29 de janeiro de 2011

A fé e a coragem de um ser humano que tem esperança de vida melhor



Sem onde morar ele pede ajuda para conseguir nova casa
Depois de dar a maior demonstração de fé, desprendimento e amor ao próximo, o pedreiro Leandro da Silva Machado, 38 anos, (foto de Leonardo Vellozo) agora passa por uma situação difícil.
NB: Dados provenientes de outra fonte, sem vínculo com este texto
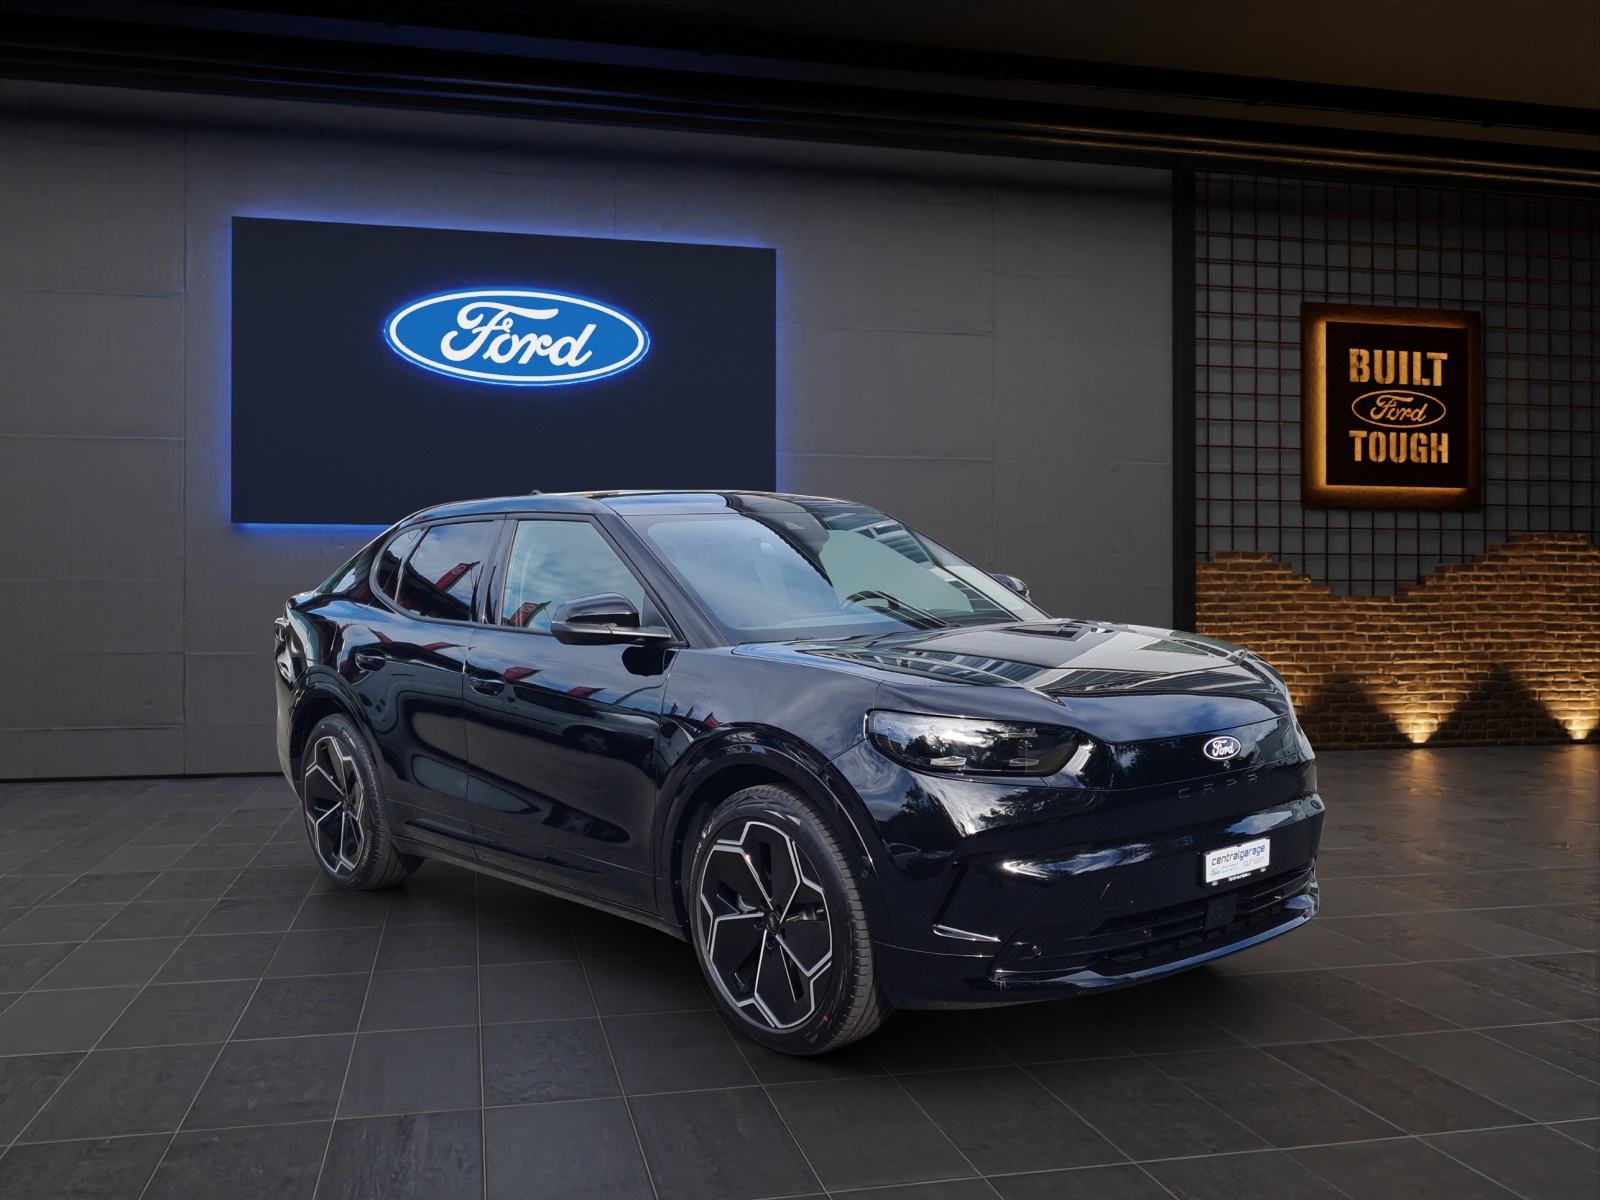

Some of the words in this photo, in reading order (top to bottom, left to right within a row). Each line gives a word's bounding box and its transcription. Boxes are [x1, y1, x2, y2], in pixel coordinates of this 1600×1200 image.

[440, 301, 597, 367] Ford
[1349, 348, 1448, 387] BUILT
[1369, 394, 1429, 422] Ford
[1348, 430, 1449, 464] TOUGH
[1212, 740, 1235, 757] Ford
[1178, 773, 1270, 799] CAPR
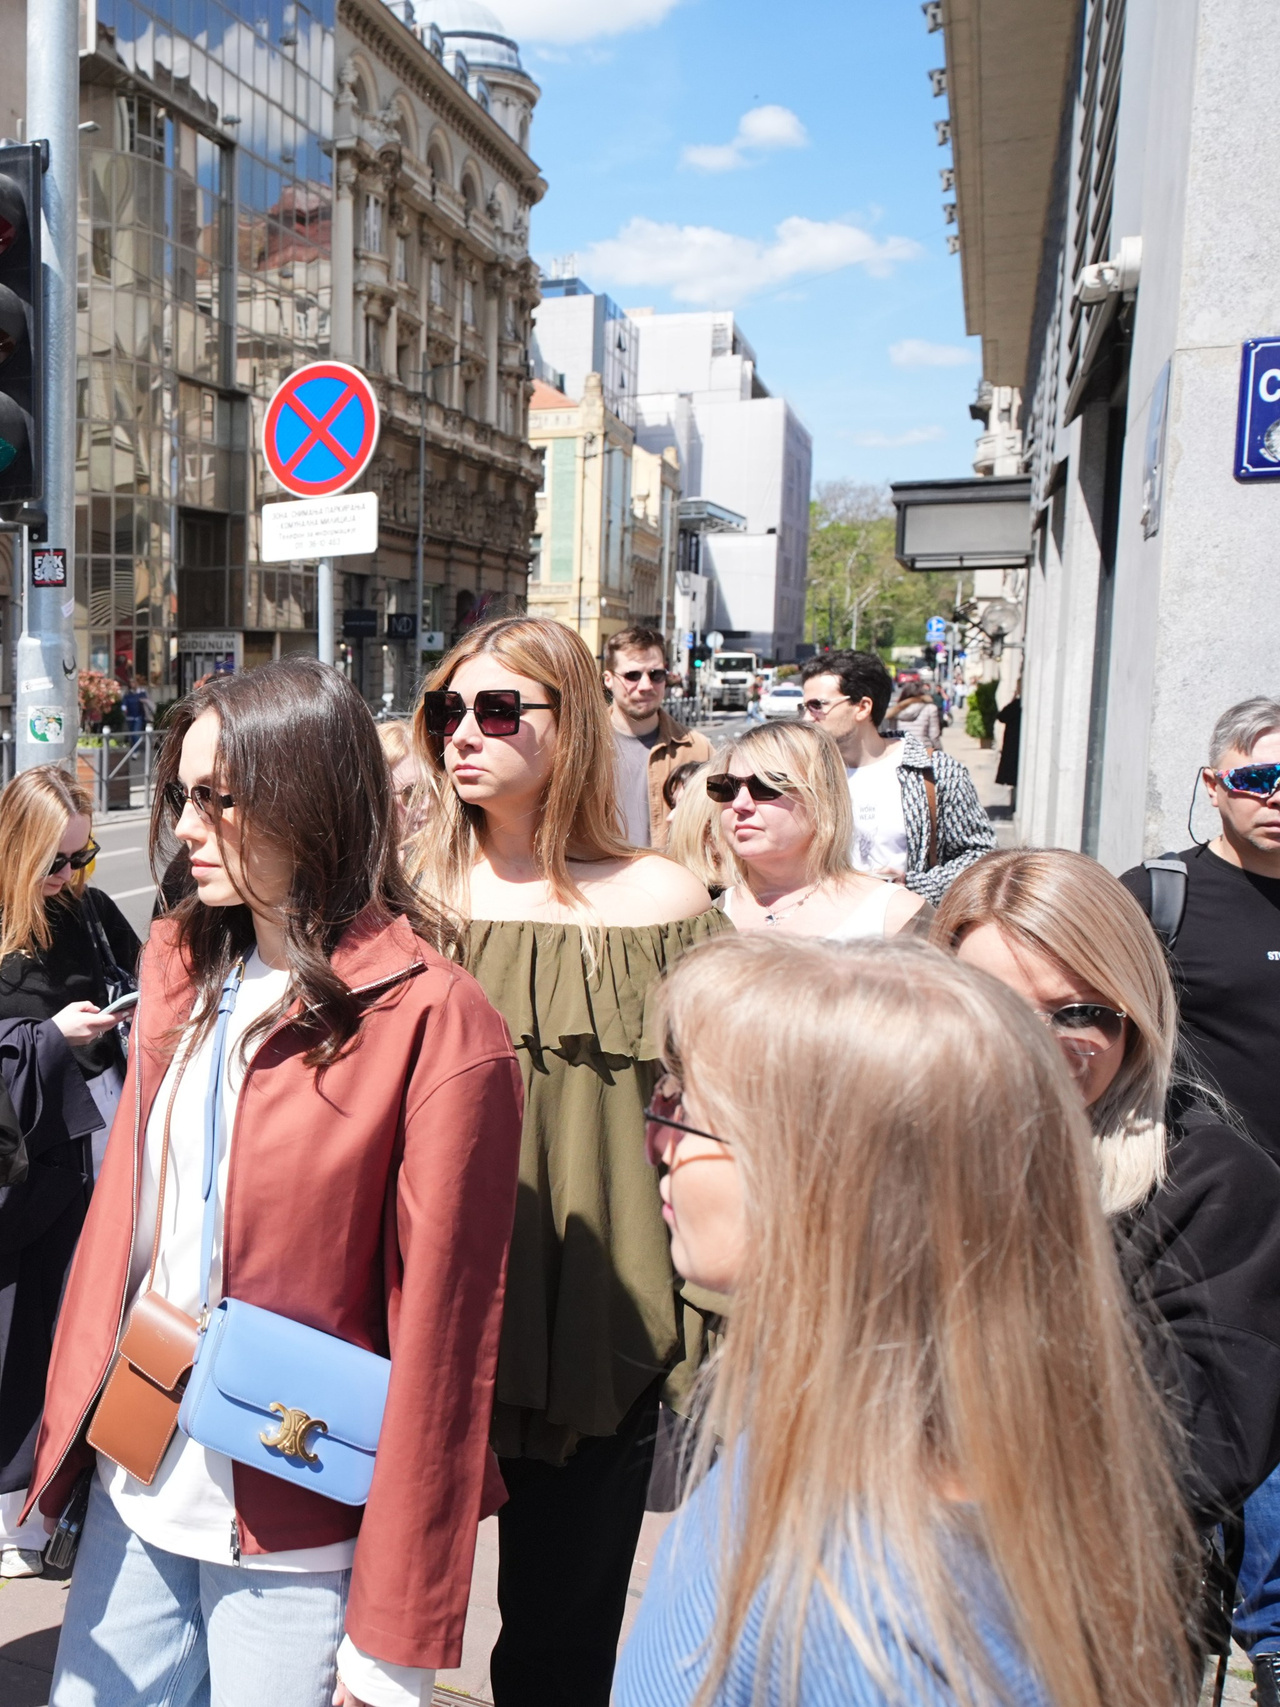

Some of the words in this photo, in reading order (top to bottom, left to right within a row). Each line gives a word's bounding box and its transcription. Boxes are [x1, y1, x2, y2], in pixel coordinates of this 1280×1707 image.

[34, 555, 64, 569] FK
[34, 568, 65, 581] SS
[1267, 950, 1280, 961] ST
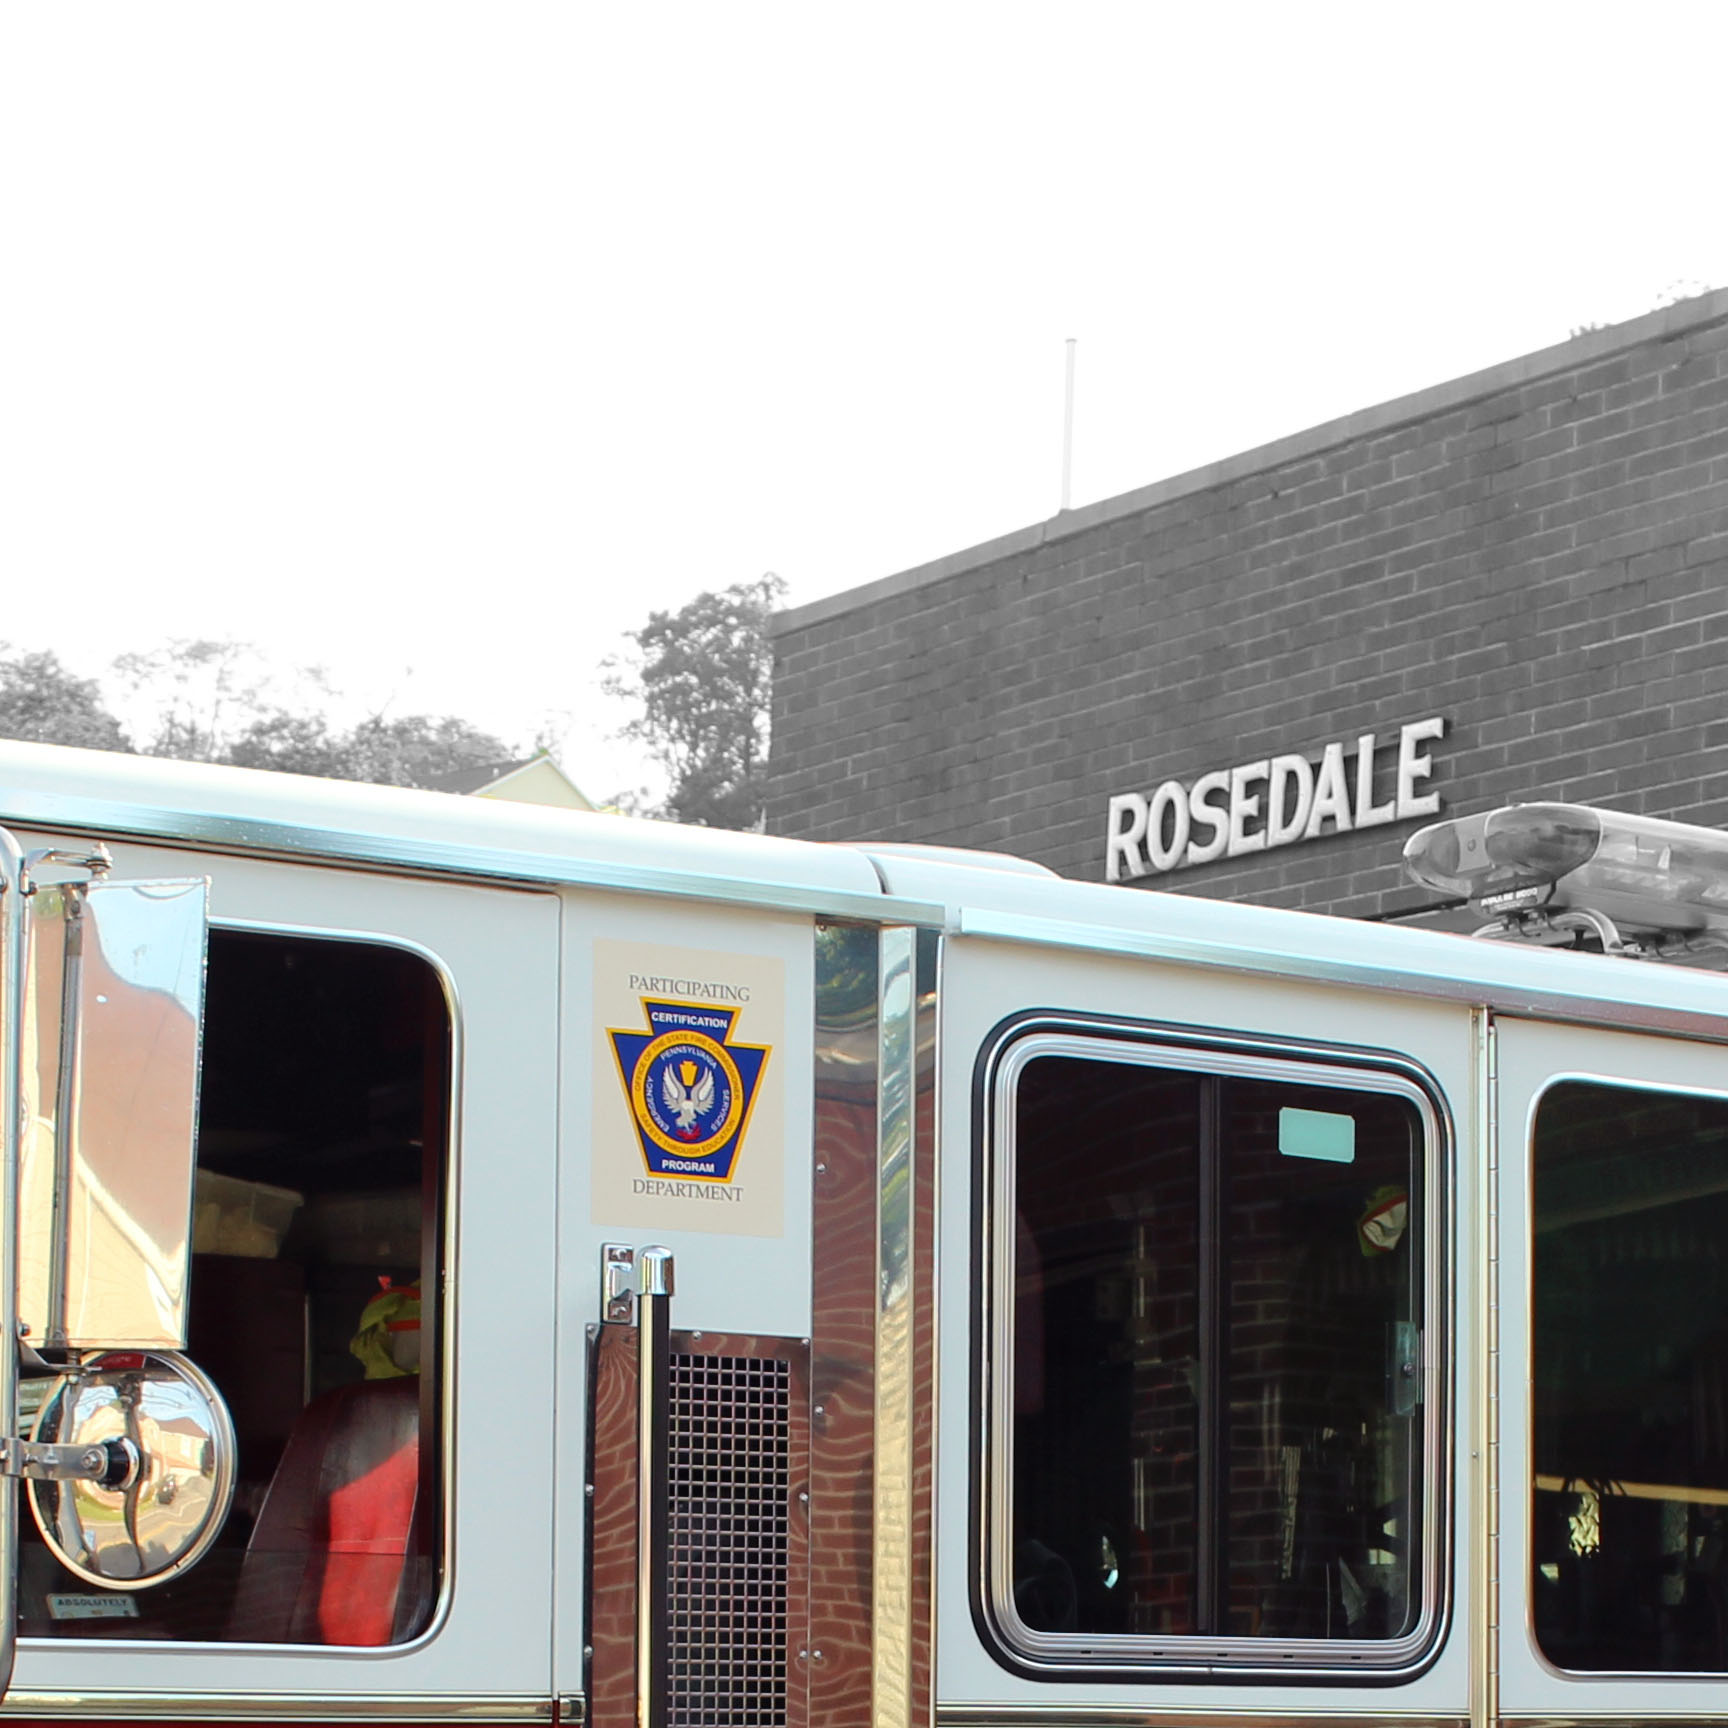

Sem sua família toda, morta na enchente e a casa onde morava, na Estrada Rio grande, Córrego Fundo em Campo do Coelho, ele quer descansar, dormir e não tem lugar para ficar.
Na tragédia que abalou a cidade Leandro perdeu Michele (esposa), Daniel (filho), Arlindo (cunhado),Diva (avó de sua esposa), Edgar, Ana e Wanderley (tios) e os primos Lidiane e Rodrigo.
Ele quer deitar e descansar, mas não tem como, “ já consegui uma outra casa, ganhei os móveis de uma Ong carioca, só falta o fogão, mas a dona da casa está cobrando R$ 200 como adiantamento pelo aluguel e eu não tenho esse dinheiro hoje, por isso, estou pedindo ajuda”, destaca.
O pedreiro que também trabalha como pintor, antes da tragédia ele fazia trabalhos alternativos na Escola Tempo do Saber em Duas Pedra, mas ele já consegui outro emprego na União Mundial em Conselheiro Paulino, mas ainda está dependendo de documentos, pois durante a enchente perdeu sua documentação que estava dentro de casa, “ eu dei sorte, não estava em casa na hora do sinistro, estava trabalhando, quando cheguei, me deparei com aquela tristeza, .agora é que está caindo a ficha, é muito triste”, afirma o pedreiro.
Ele fala que a primeira parte de sua missão terminou quinta-feira com a saída dos helicópteros, “ mas eu quero continuar por terra, porque acredito que a cidade vai ter mais de 4 mil mortos, porque muita gente ficou soterrada e ainda não foi encontrada, pelo que conheço e nos lugares que eu fui, o estrago é bem maior do que estamos vendo”, afirma Leandro.
Do primeiro casamento com Eclesiane, nasceu Marcus Vinícius que está com 14 anos, estuda na escola Odette Penna Muniz e joga na escolinha de futebol do Projeto Gol de Placa, “ é com ele que eu conto agora, minha família é ele”, acentua
Nesse período todo ele fez 48 vôos, montou 30 pontos de abastecimento, resgatou mais de 100 corpos,. “ fiz por amor ao próximo, não quero receber glórias por isso, o ser humano é muito importante, criei uma força interior que não tinha, e reafirmo, quero agora continuar por terra e ver como estão as pessoas que eu ajudei e que ficaram vivas”, finaliza o pintor
Ele agradece muito a deus pela oportunidade de poder salvar vidas e resgatar corpos que estavam desaparecidos, mas agradece também ao Coronel Neiva do (GOA) e aos integrantes do grupo de alpinistas Granito de São Gonçalo Rui e Bandeira.